Content starts
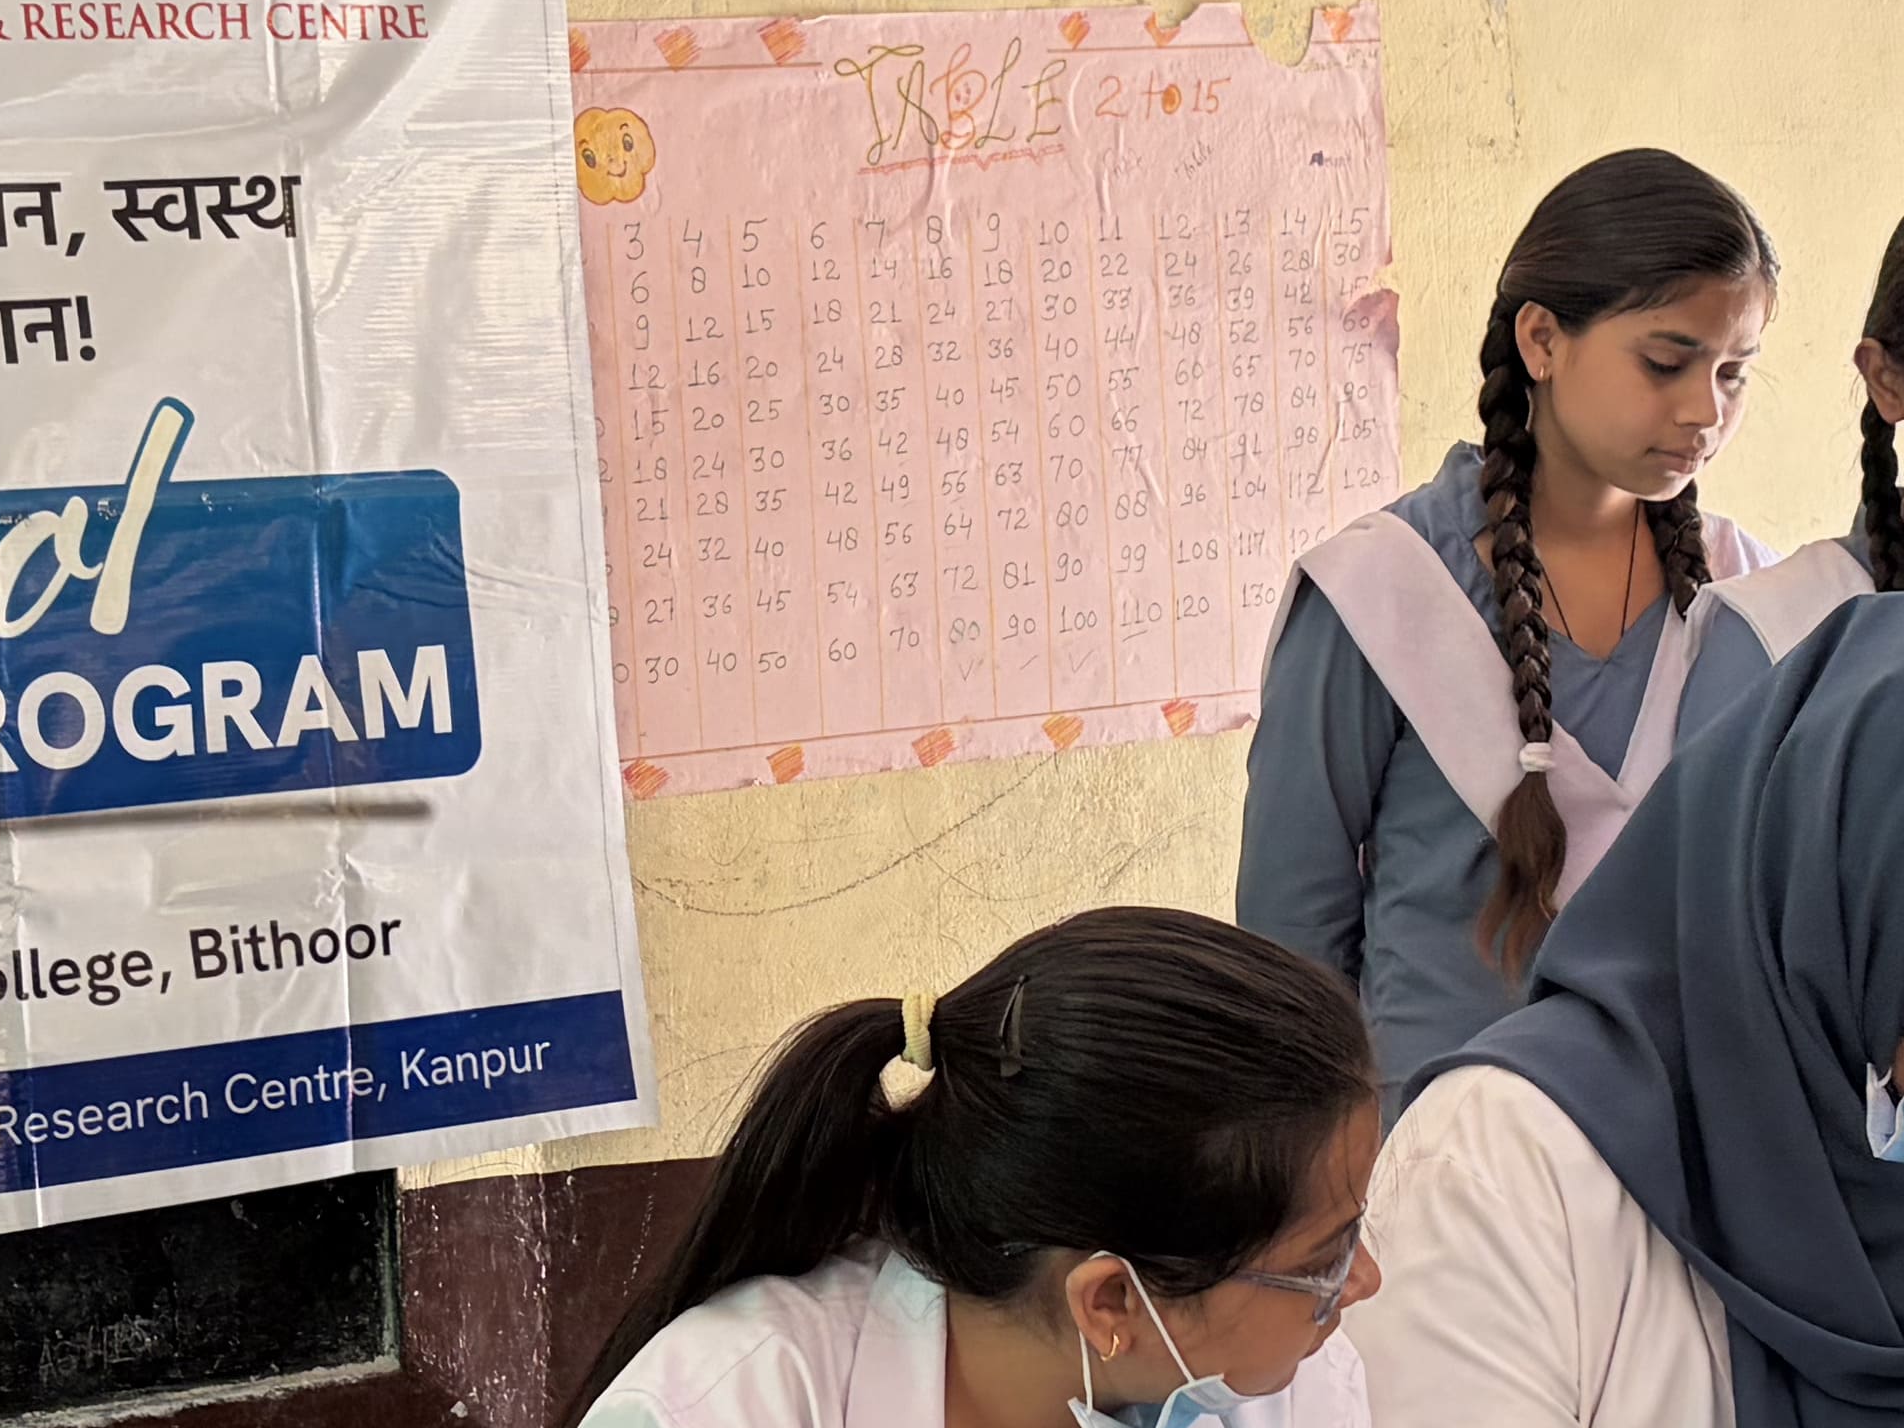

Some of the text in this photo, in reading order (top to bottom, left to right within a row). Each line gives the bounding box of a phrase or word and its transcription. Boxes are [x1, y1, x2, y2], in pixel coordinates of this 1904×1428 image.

[23, 2, 253, 41] RESEARCH
[267, 3, 429, 40] CENTRE
[835, 37, 1068, 166] TABLE
[1095, 76, 1127, 118] 2
[1193, 77, 1232, 115] 15
[105, 173, 301, 243] स्वस्थ
[623, 220, 645, 261] 3
[682, 218, 703, 259] 4
[741, 217, 769, 253] 5
[809, 220, 828, 251] 6
[864, 219, 887, 250] 7
[981, 212, 1001, 253] 9
[1038, 220, 1070, 247] 10
[1099, 216, 1123, 242] 11
[1157, 213, 1193, 241] 12
[1223, 207, 1251, 240] 13
[1280, 206, 1307, 237] 14
[1335, 206, 1370, 235] 15
[629, 270, 650, 305] 6
[741, 262, 772, 289] 10
[811, 258, 841, 282] 12
[869, 256, 898, 280] 14
[927, 254, 953, 280] 16
[634, 313, 650, 351] 9
[684, 316, 725, 343] 12
[744, 308, 776, 335] 15
[868, 299, 903, 325] 21
[627, 362, 667, 391] 12
[687, 359, 721, 389] 16
[745, 355, 779, 381] 20
[816, 345, 844, 374] 24
[633, 386, 907, 442] 15 20 25 30 35
[692, 451, 726, 481] 24
[748, 445, 785, 473] 30
[821, 436, 853, 462] 36
[877, 427, 909, 456] 42
[636, 497, 670, 523] 21
[754, 487, 788, 513] 35
[823, 480, 858, 507] 42
[880, 473, 910, 503] 49
[642, 541, 673, 570] 24
[697, 536, 732, 562] 32
[753, 536, 785, 563] 40
[884, 521, 913, 546] 56
[644, 571, 919, 625] 27 36 45 54 63
[644, 655, 680, 685] 30
[706, 647, 738, 675] 40
[757, 651, 787, 674] 50
[827, 637, 857, 663] 60
[889, 625, 920, 653] 70
[1001, 613, 1037, 641] 90
[1058, 604, 1098, 634] 100
[1119, 598, 1163, 628] 110
[1174, 596, 1210, 623] 120
[1241, 582, 1276, 609] 130
[189, 917, 401, 981] Bithoor
[224, 1062, 389, 1115] Centre,
[401, 1037, 551, 1092] Kanpur
Content ends
WORK TASK:
Would you retype the entries above in full, exactly as written, minus the pictures?

SOLUTION FOR THIS TASK:
Some of the text in this photo, in reading order (top to bottom, left to right within a row). Each line gives the bounding box of a phrase or word and its transcription. Boxes are [x1, y1, x2, y2], in pixel coordinates of this 1904×1428 image.

[23, 2, 253, 41] RESEARCH
[267, 3, 429, 40] CENTRE
[835, 37, 1068, 166] TABLE
[1095, 76, 1127, 118] 2
[1193, 77, 1232, 115] 15
[105, 173, 301, 243] स्वस्थ
[623, 220, 645, 261] 3
[682, 218, 703, 259] 4
[741, 217, 769, 253] 5
[809, 220, 828, 251] 6
[864, 219, 887, 250] 7
[981, 212, 1001, 253] 9
[1038, 220, 1070, 247] 10
[1099, 216, 1123, 242] 11
[1157, 213, 1193, 241] 12
[1223, 207, 1251, 240] 13
[1280, 206, 1307, 237] 14
[1335, 206, 1370, 235] 15
[629, 270, 650, 305] 6
[741, 262, 772, 289] 10
[811, 258, 841, 282] 12
[869, 256, 898, 280] 14
[927, 254, 953, 280] 16
[634, 313, 650, 351] 9
[684, 316, 725, 343] 12
[744, 308, 776, 335] 15
[868, 299, 903, 325] 21
[627, 362, 667, 391] 12
[687, 359, 721, 389] 16
[745, 355, 779, 381] 20
[816, 345, 844, 374] 24
[633, 386, 907, 442] 15 20 25 30 35
[692, 451, 726, 481] 24
[748, 445, 785, 473] 30
[821, 436, 853, 462] 36
[877, 427, 909, 456] 42
[636, 497, 670, 523] 21
[754, 487, 788, 513] 35
[823, 480, 858, 507] 42
[880, 473, 910, 503] 49
[642, 541, 673, 570] 24
[697, 536, 732, 562] 32
[753, 536, 785, 563] 40
[884, 521, 913, 546] 56
[644, 571, 919, 625] 27 36 45 54 63
[644, 655, 680, 685] 30
[706, 647, 738, 675] 40
[757, 651, 787, 674] 50
[827, 637, 857, 663] 60
[889, 625, 920, 653] 70
[1001, 613, 1037, 641] 90
[1058, 604, 1098, 634] 100
[1119, 598, 1163, 628] 110
[1174, 596, 1210, 623] 120
[1241, 582, 1276, 609] 130
[189, 917, 401, 981] Bithoor
[224, 1062, 389, 1115] Centre,
[401, 1037, 551, 1092] Kanpur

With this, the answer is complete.